Coalition on Human Needs: Group Letter Seeking Higher House Level for FY 23 Domestic/International (NDD) Appropriations
Please sign this group letter to Congress urging swift work to approve increases in domestic and international program funding (known as non-defense discretionary, or NDD). National, state and local organizations are welcome to sign.
The letter asks Congress to appropriate no less than the NDD amounts proposed by the House of Representatives for Fiscal Year 2023; these funding levels are somewhat higher than the amounts proposed by Senate Democrats. Our entire community knows how much this funding is needed and we urge your organization to join us in calling on Congress to enact an omnibus funding bill that at minimum includes the House NDD appropriations levels. A large number of signing groups will help to prevent attempts to reduce funding in final negotiations for an omnibus appropriations bill, and will underscore the need for an omnibus bill, not further flat funding.

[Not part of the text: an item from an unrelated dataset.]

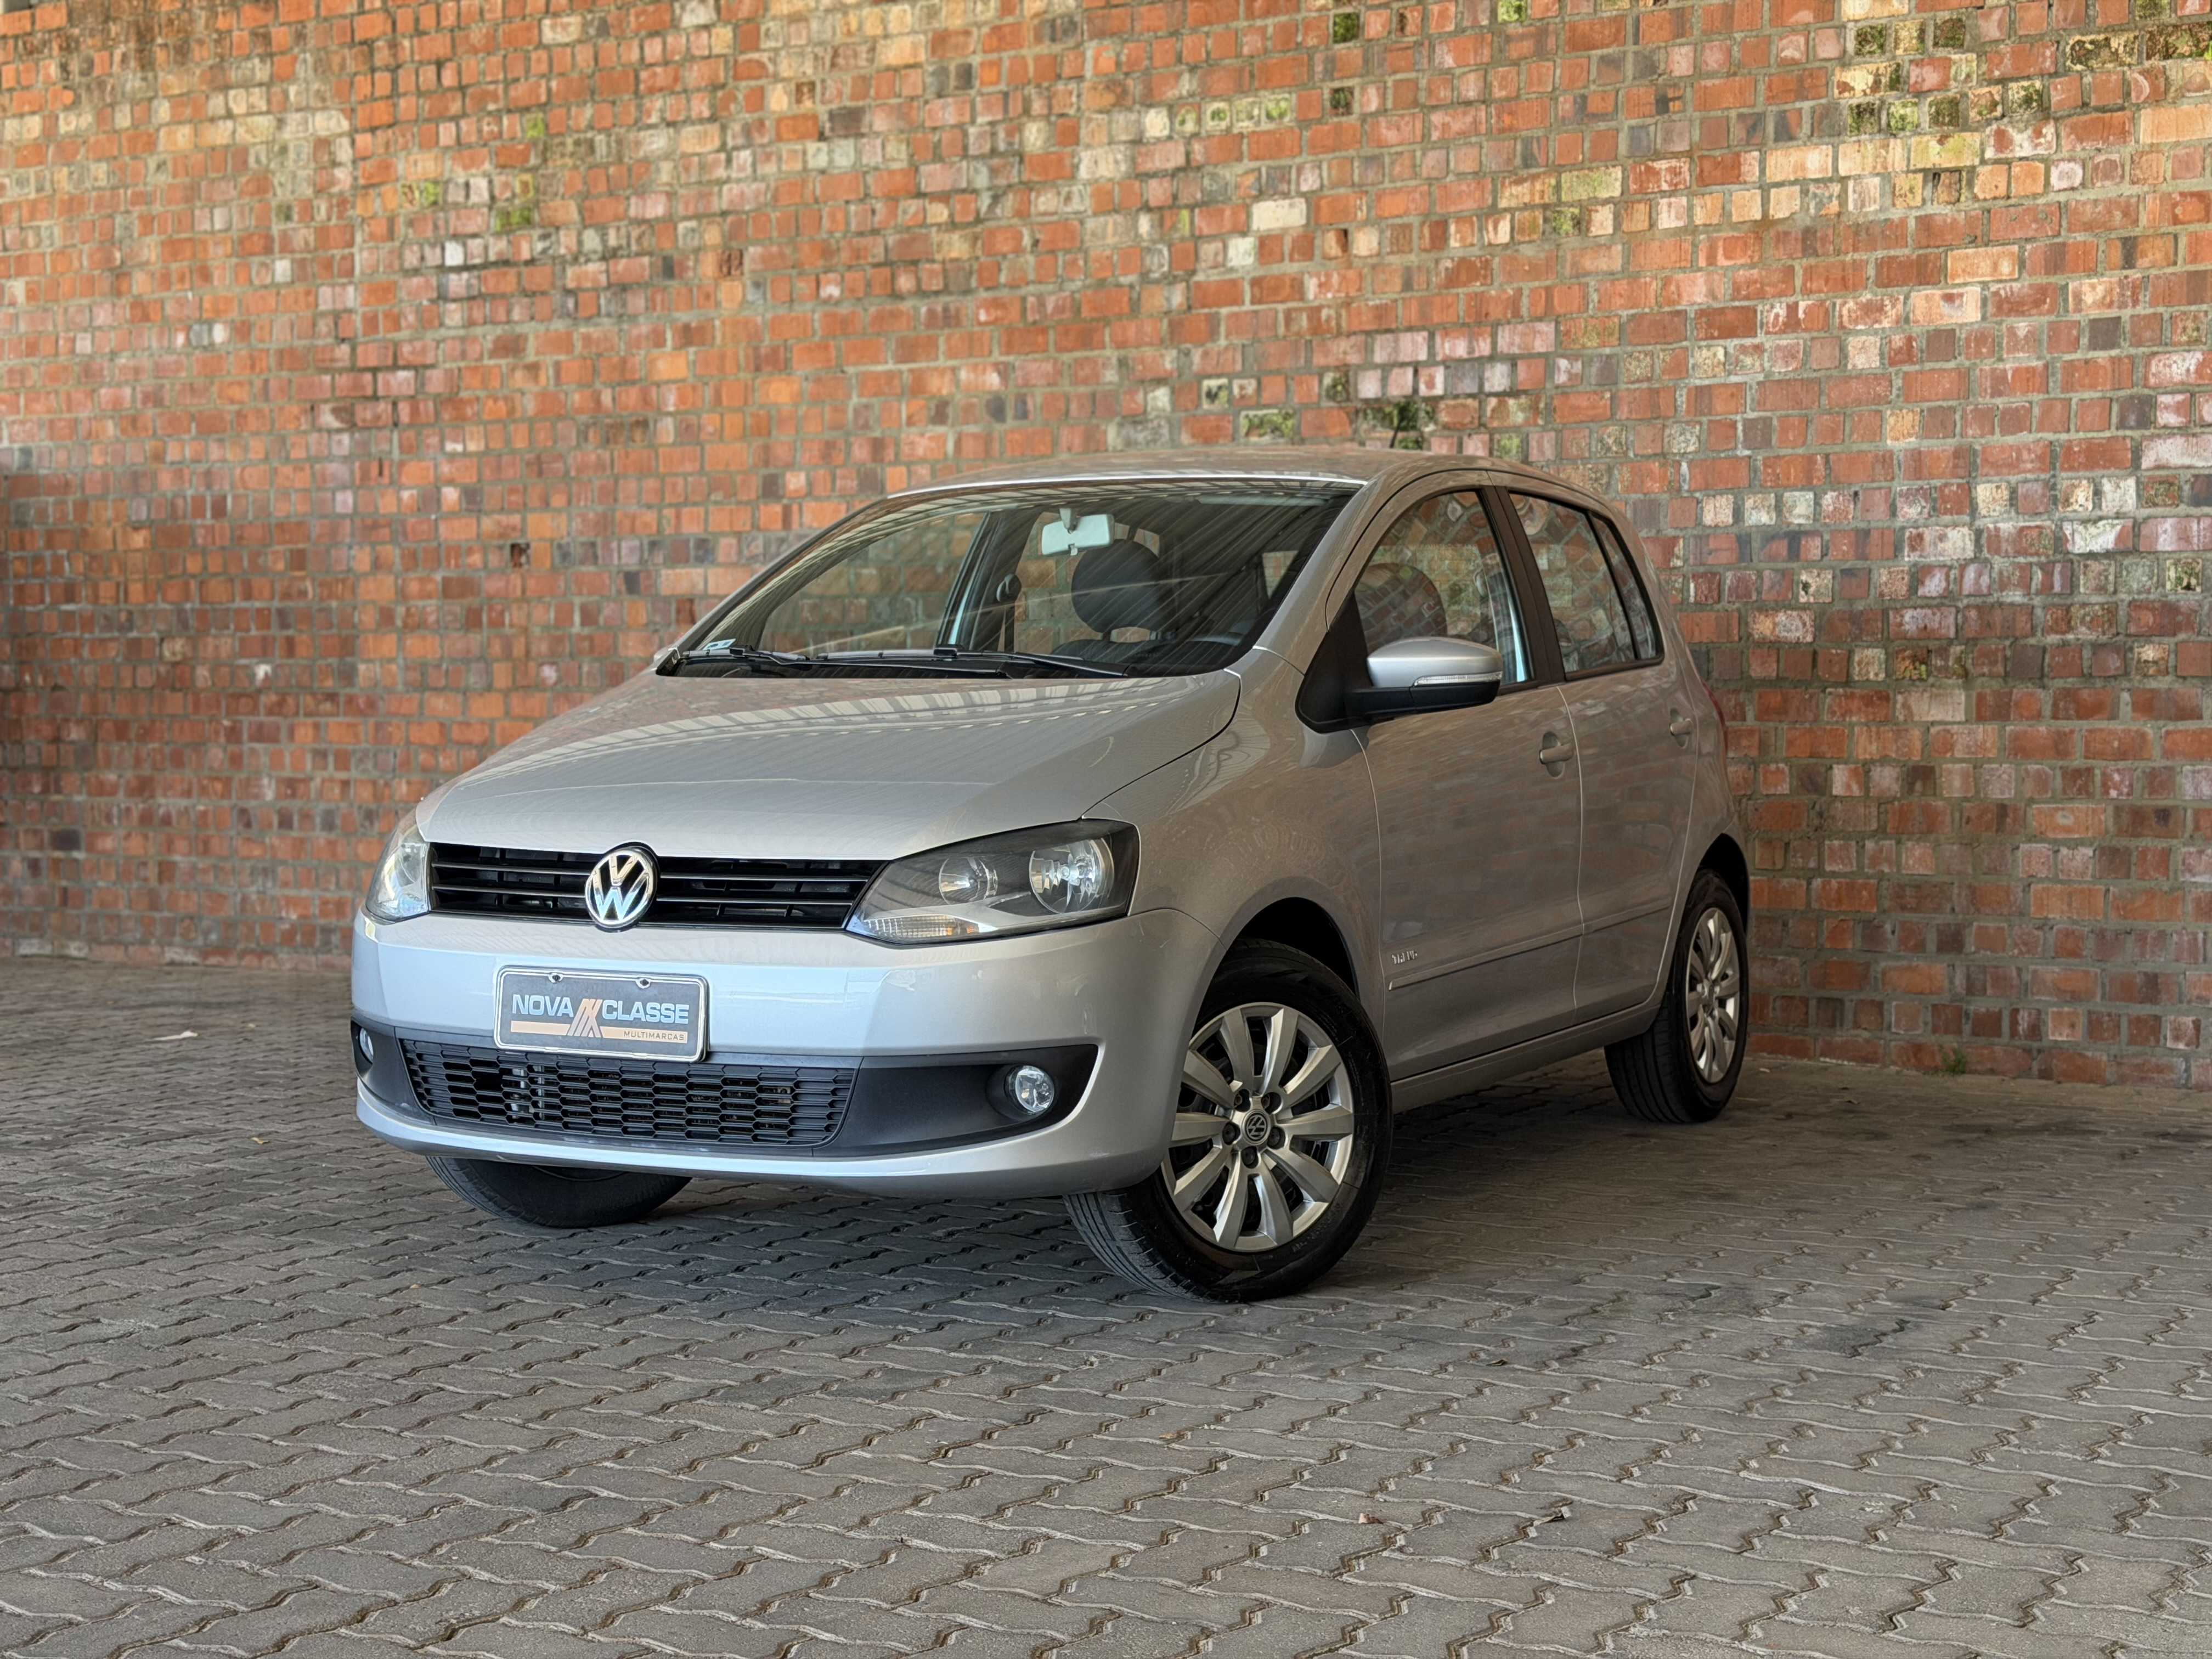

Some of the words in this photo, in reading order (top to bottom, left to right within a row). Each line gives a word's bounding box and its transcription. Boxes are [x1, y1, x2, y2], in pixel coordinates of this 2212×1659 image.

[589, 851, 652, 923] VW
[512, 994, 574, 1018] NOVA
[602, 1000, 690, 1024] CLASSE
[624, 1031, 685, 1041] MULTIMARCAS

Read the letter text below, and then sign using the included form. Have any problems with this form? Email Nicolai Haddal, Field and Events Manager: email@example.com
FULL LETTER TEXT:
The enactment of the Continuing Resolution through December 16 was a necessary stopgap measure to allow Congress to come to agreement on full-year omnibus appropriations legislation for Fiscal Year 2023. We thank you for your leadership in averting a funding crisis and urge you to work swiftly to approve a final agreement that provides increases in domestic and international program funding (non-defense discretionary spending, or NDD), no less than those proposed by the House of Representatives for Fiscal Year 2023 and that is unencumbered by poison pill riders. At minimum, the House-proposed NDD levels are required to respond to the level of need and the precarious nature of today’s economy. Creating a separate veterans’ medical services funding category, as proposed in the Biden Administration’s FY 2023 budget, would ensure adequate funding for veterans’ medical care while minimizing competition with other vital NDD programs.

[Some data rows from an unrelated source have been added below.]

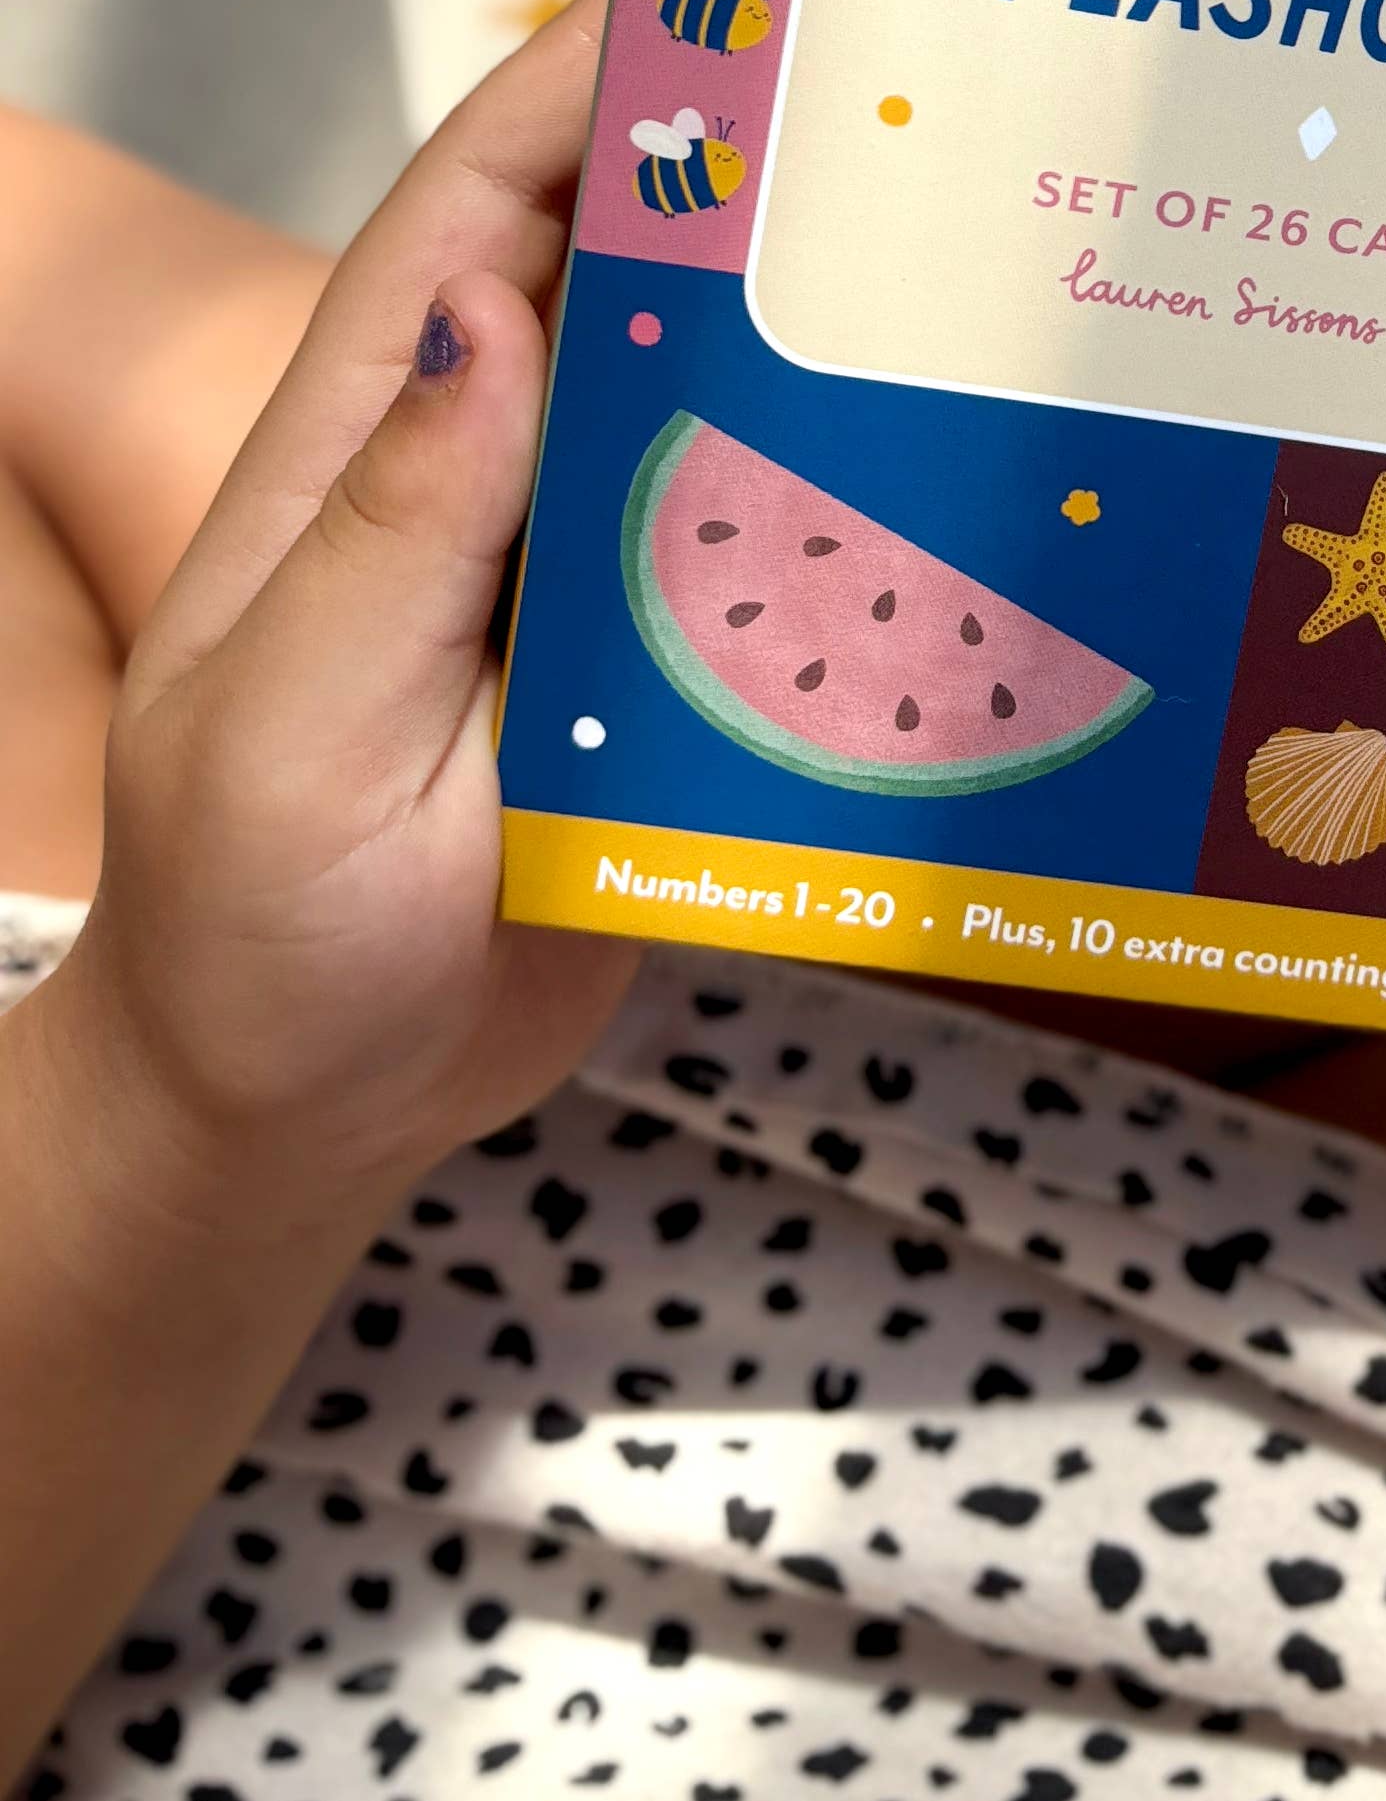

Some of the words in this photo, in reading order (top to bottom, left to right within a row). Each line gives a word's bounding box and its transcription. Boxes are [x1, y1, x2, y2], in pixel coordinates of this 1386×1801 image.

[1032, 170, 1138, 219] SET
[1155, 190, 1232, 233] OF
[1245, 203, 1310, 247] 26
[1233, 276, 1386, 345] Sissons
[595, 856, 783, 915] Numbers
[961, 903, 1056, 954] Plus,
[1069, 916, 1117, 956] 10
[1123, 936, 1225, 969] extra

Your constituents are being buffeted by the ongoing consequences of the pandemic, natural disasters, and other international contributors to rising prices and shortages of goods. These affect their health, their access to work and affordable child care, their ability to pay for basic needs, and their children’s education. In 2021, more than 40 percent of people with household income less than $50,000 were paying half or more of their income on rent. Similar proportions now report finding it somewhat or very difficult to pay for their regular household expenses. Food and home energy costs are up and the proportion of people who say their households have gone without food in the previous week has risen more than 40 percent since August, 2021 (from 8.2% to 11.5 percent). Efforts by the Federal Reserve to control inflation are expected to result in more people without jobs. All of this is hitting people with low incomes the hardest: rural, urban, women, children, Black, brown, and Indigenous people, the aging and people with disabilities on fixed incomes. In addition to the moral wrong of ignoring these hardships, if their losses grow, it may trigger or worsen a recession, and that would needlessly threaten our nation’s economic security.
In the face of this, the proposed increases in funding for domestic and international programs make modest but important progress after years of decline, taking inflation into account. These NDD programs lost 4 percent of their value from FY 2010 to FY 2022, counting inflation and population growth. However, if the fast-growing spending on VA medical care is separated out, the rest of NDD programs declined by 10 percent. The Coalition on Human Needs has tracked programs particularly targeted to assist people with low incomes from FY 2010 through FY 2022. Nearly two-thirds (63 percent) saw cuts over this period; nearly one-third (31 percent) lost 20 percent or more, taking inflation into account.
Now and into 2023, increased inflation makes it still more urgent that appropriations for domestic and other non-defense programs keep pace with growing costs and growing need. Service providers in the public or private sectors must be able to keep salaries and benefits competitive to maintain an adequate workforce; rising costs for rent and supplies also strain their budgets.
The signers of this letter represent human service providers, faith groups, policy experts, labor, civil rights, disability, and other anti-poverty advocates who see the precarious position of our people nationwide. Reducing funding for domestic and international programs below the House-proposed levels will jeopardize our ability to respond to urgent human needs and will imperil our capacity to help Americans recover from the multiple disasters they have faced or may face in the year ahead. We urge you to see protecting these funding levels as a matter of national security.